• **Extracted records**:

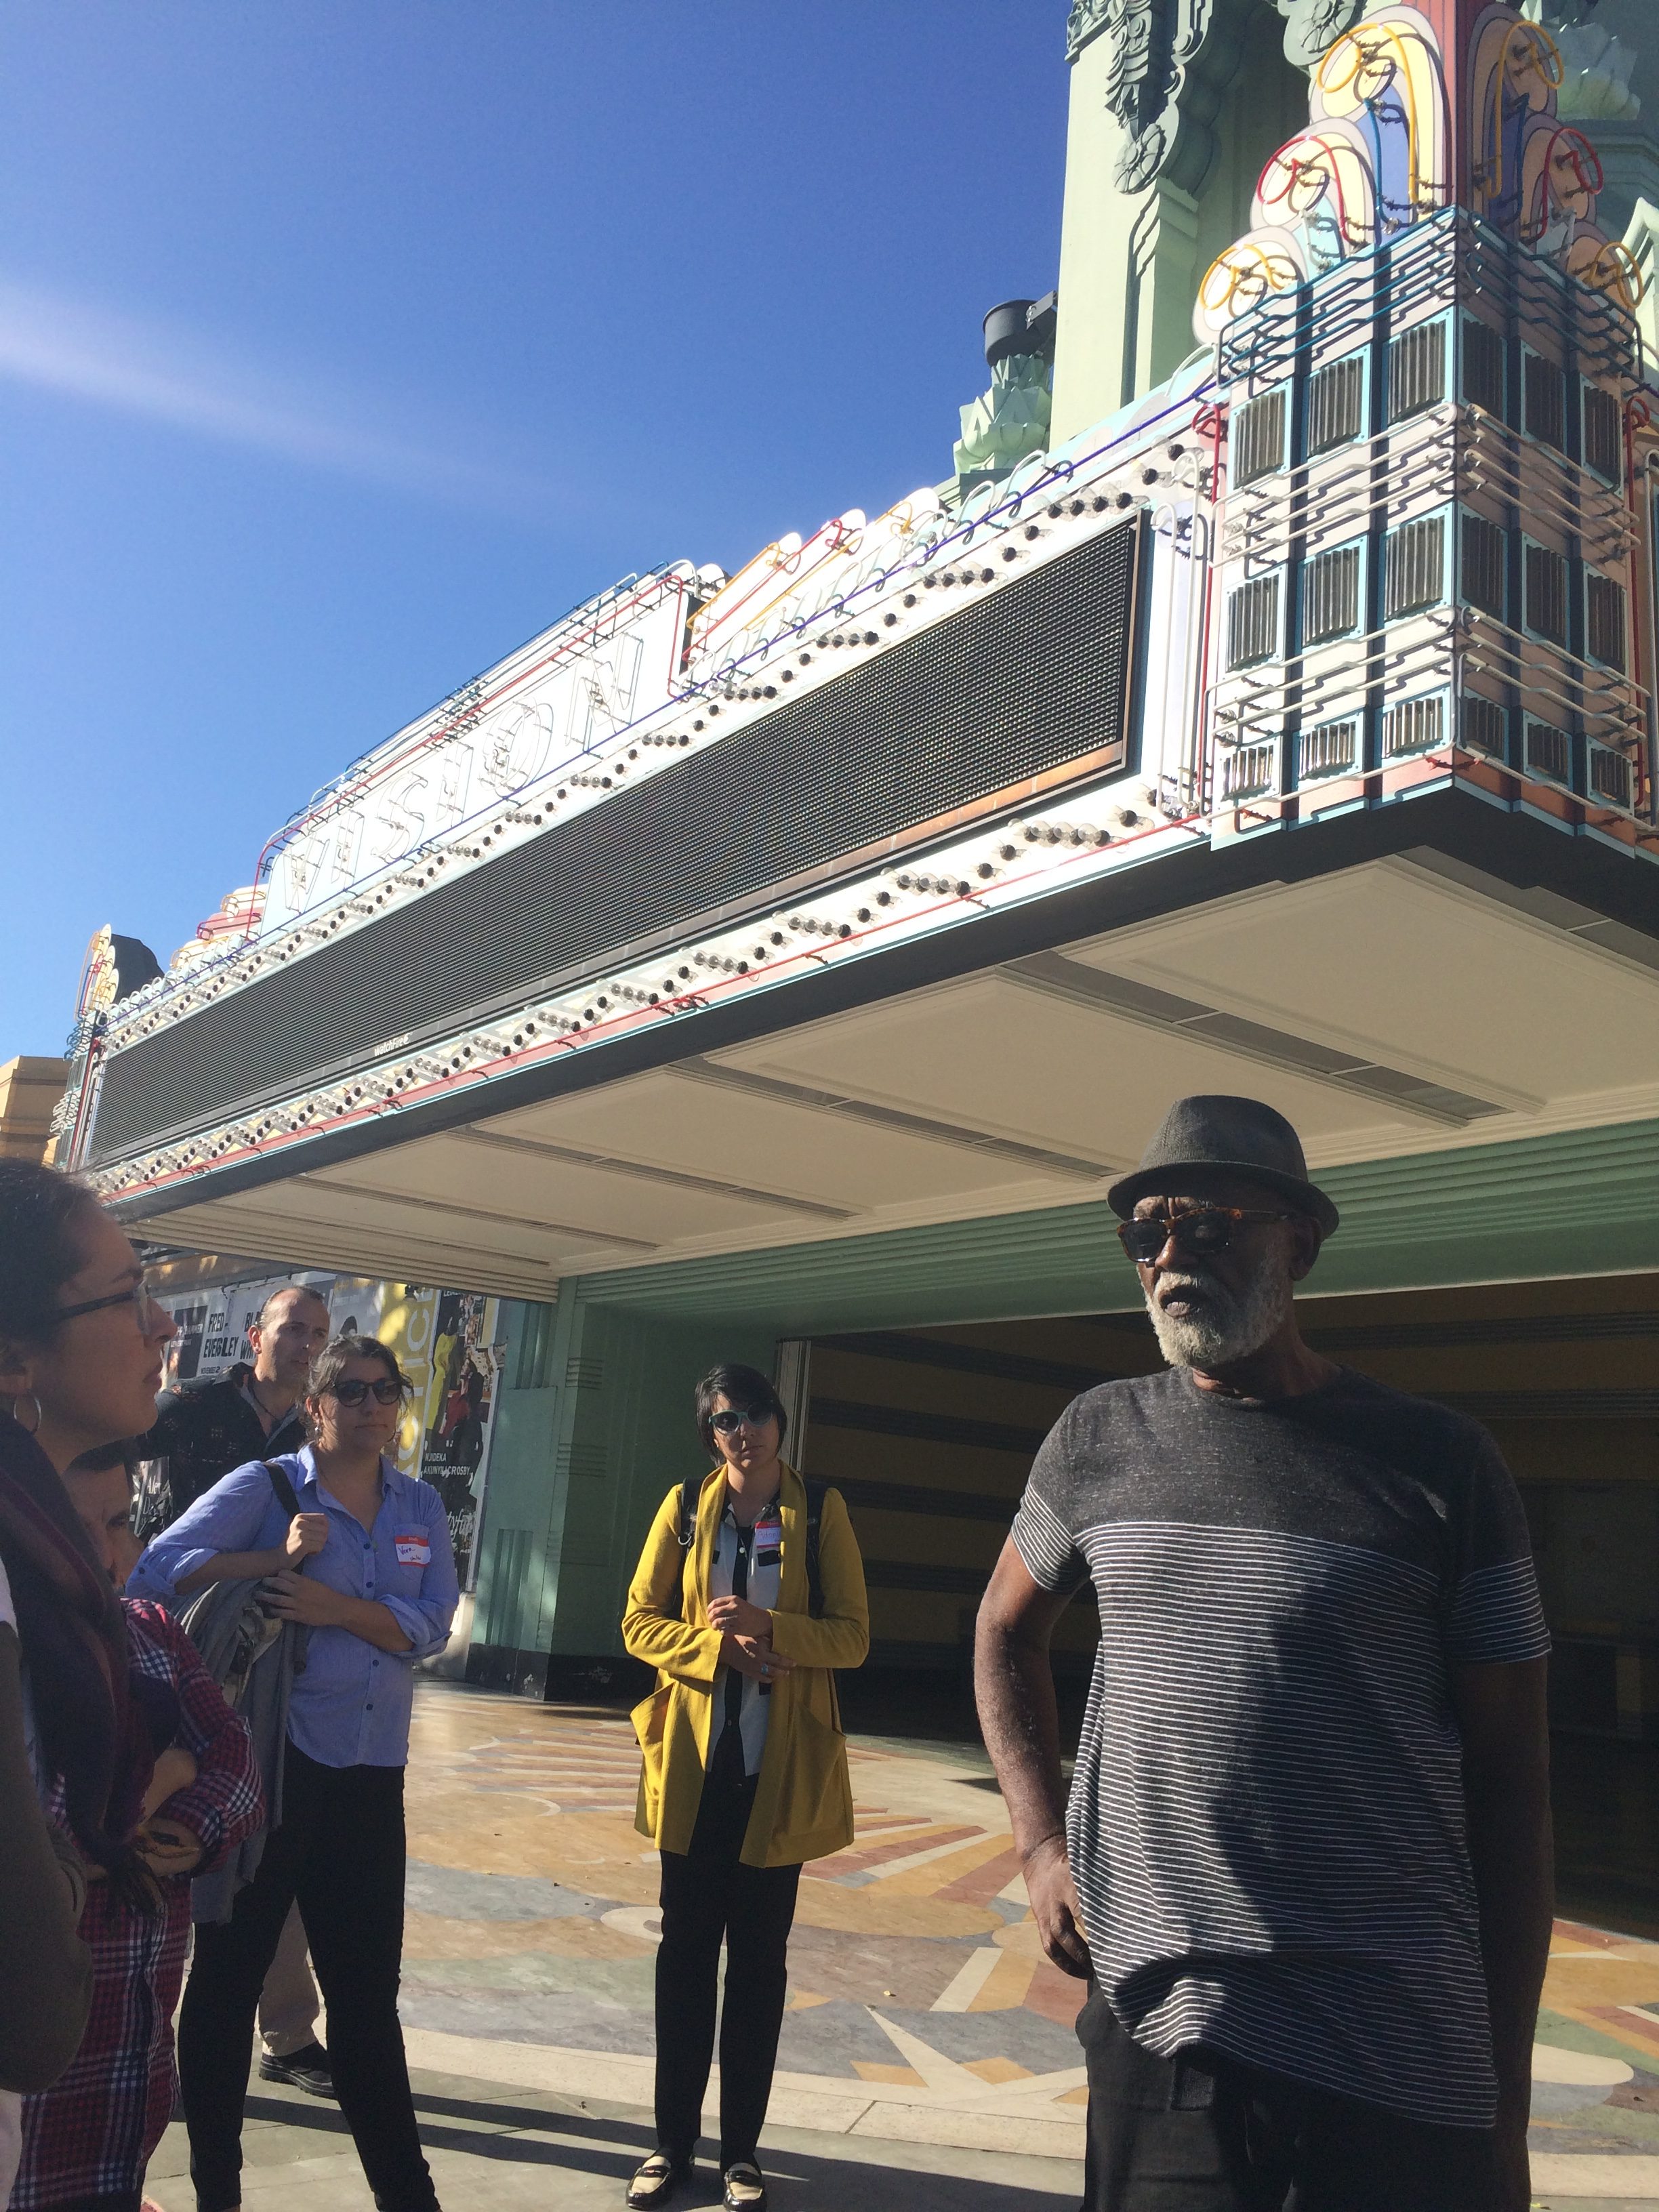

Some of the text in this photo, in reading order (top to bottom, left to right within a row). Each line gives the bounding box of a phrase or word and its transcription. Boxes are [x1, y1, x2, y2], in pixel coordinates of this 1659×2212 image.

[208, 1312, 224, 1333] FRED
[425, 1453, 447, 1461] NJIDEKA
[447, 1466, 470, 1475] CROSBY
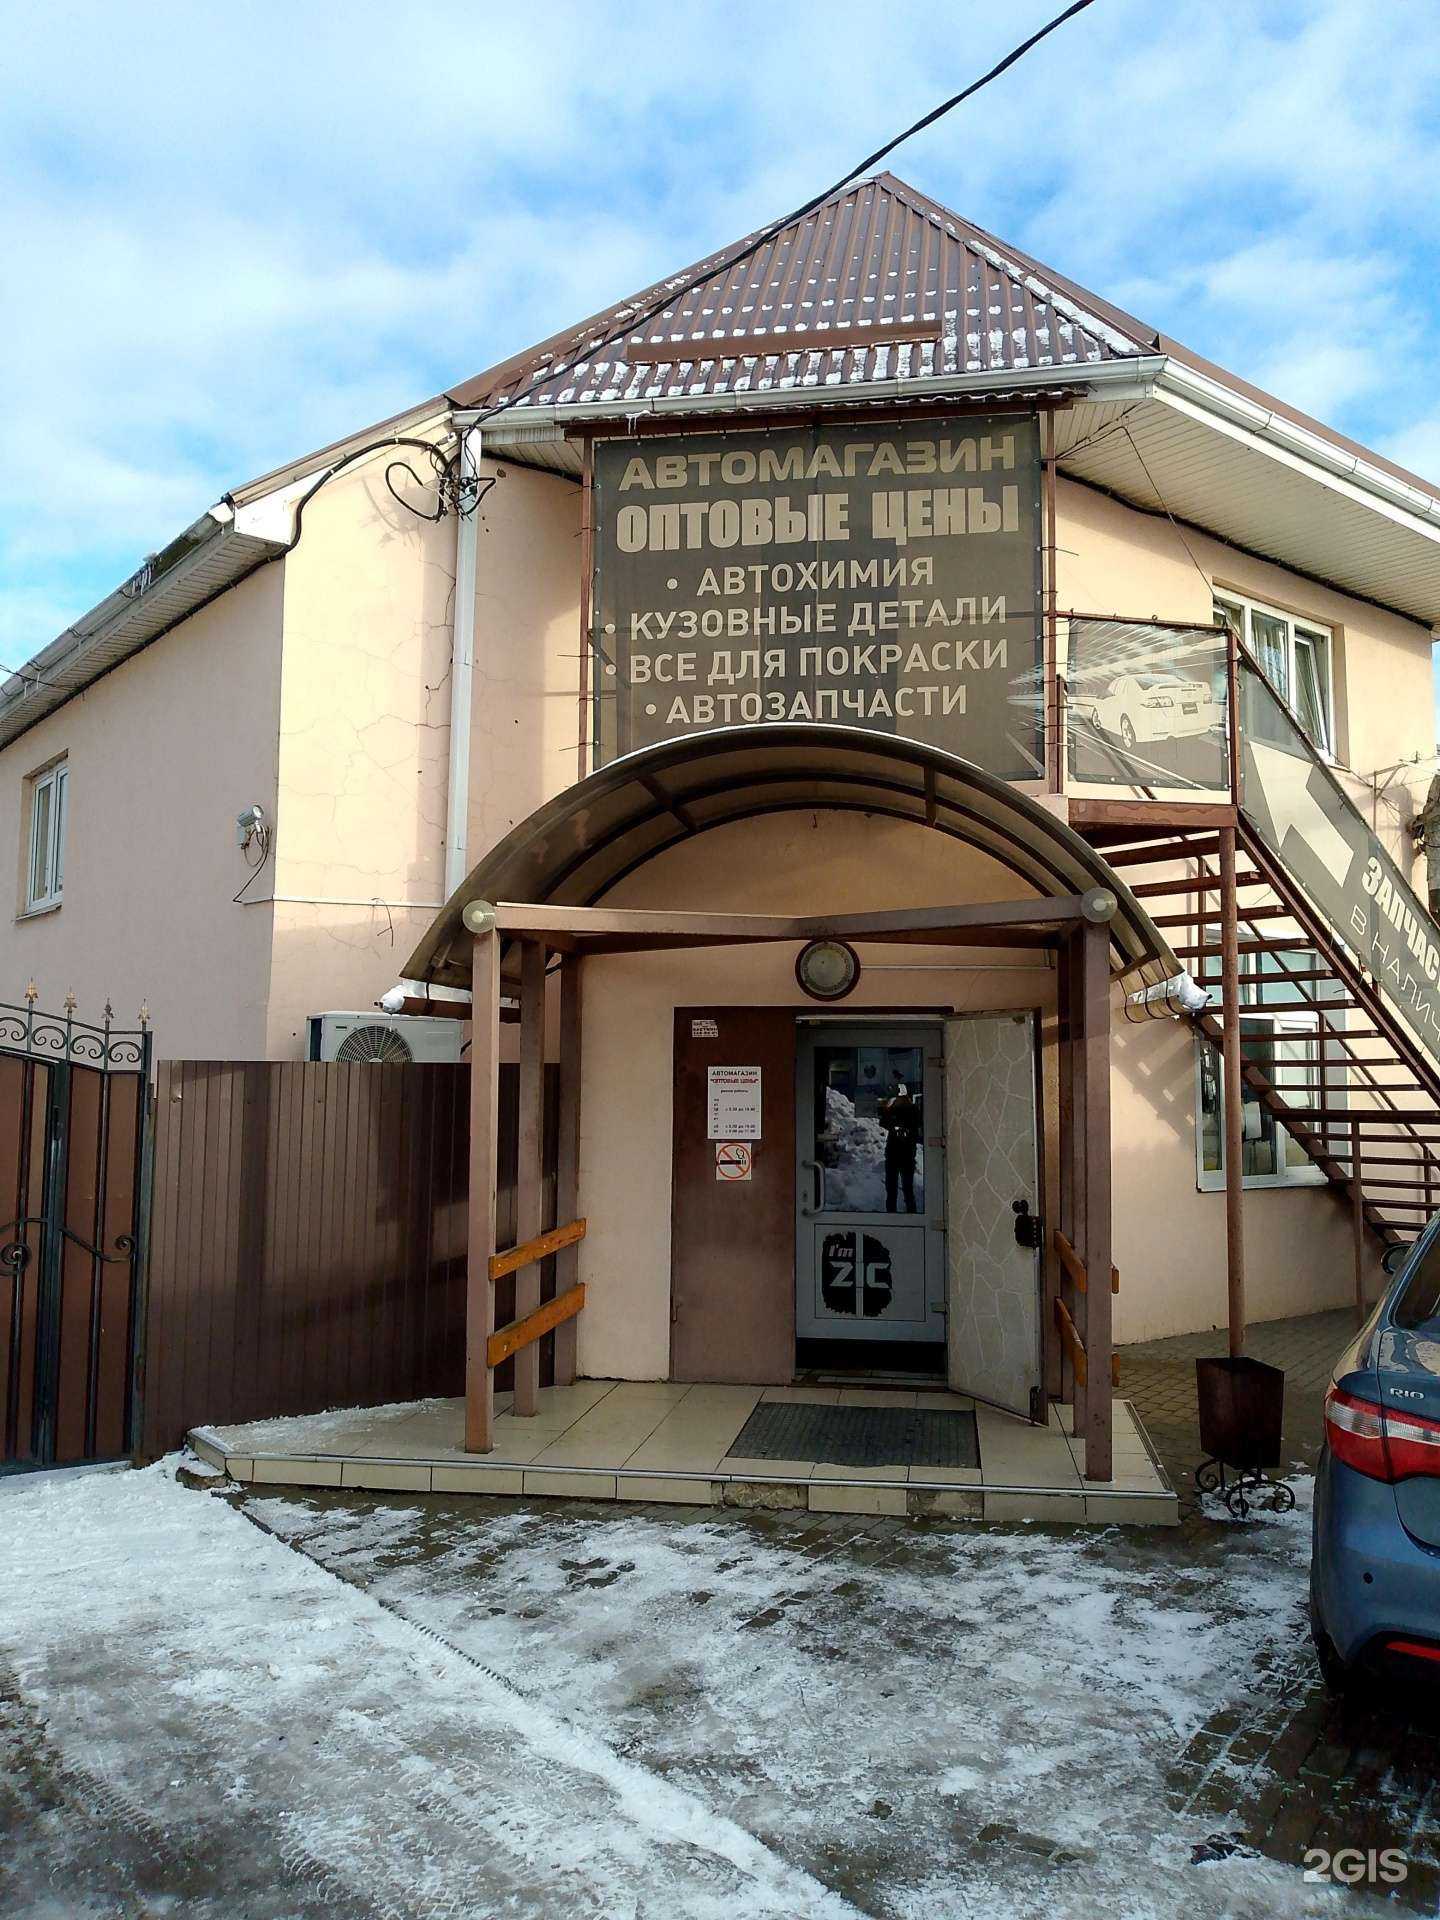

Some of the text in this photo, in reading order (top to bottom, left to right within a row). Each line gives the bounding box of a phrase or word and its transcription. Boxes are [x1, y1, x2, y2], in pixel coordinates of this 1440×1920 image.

• **Task**:
Except for the pictures, give all the material above again verbatim.

• **Finished task**:
Some of the text in this photo, in reading order (top to bottom, left to right within a row). Each line gives the bounding box of a phrase or word and its transcription. Boxes are [x1, y1, x2, y2], in pixel coordinates of this 1659×2212 image.

[208, 1312, 224, 1333] FRED
[425, 1453, 447, 1461] NJIDEKA
[447, 1466, 470, 1475] CROSBY

Some of the text in this photo, in reading order (top to bottom, left to right within a row). Each line gives the bounding box of a phrase or word and its transcription. Boxes are [x1, y1, x2, y2], in pixel coordinates of this 1440×1920 image.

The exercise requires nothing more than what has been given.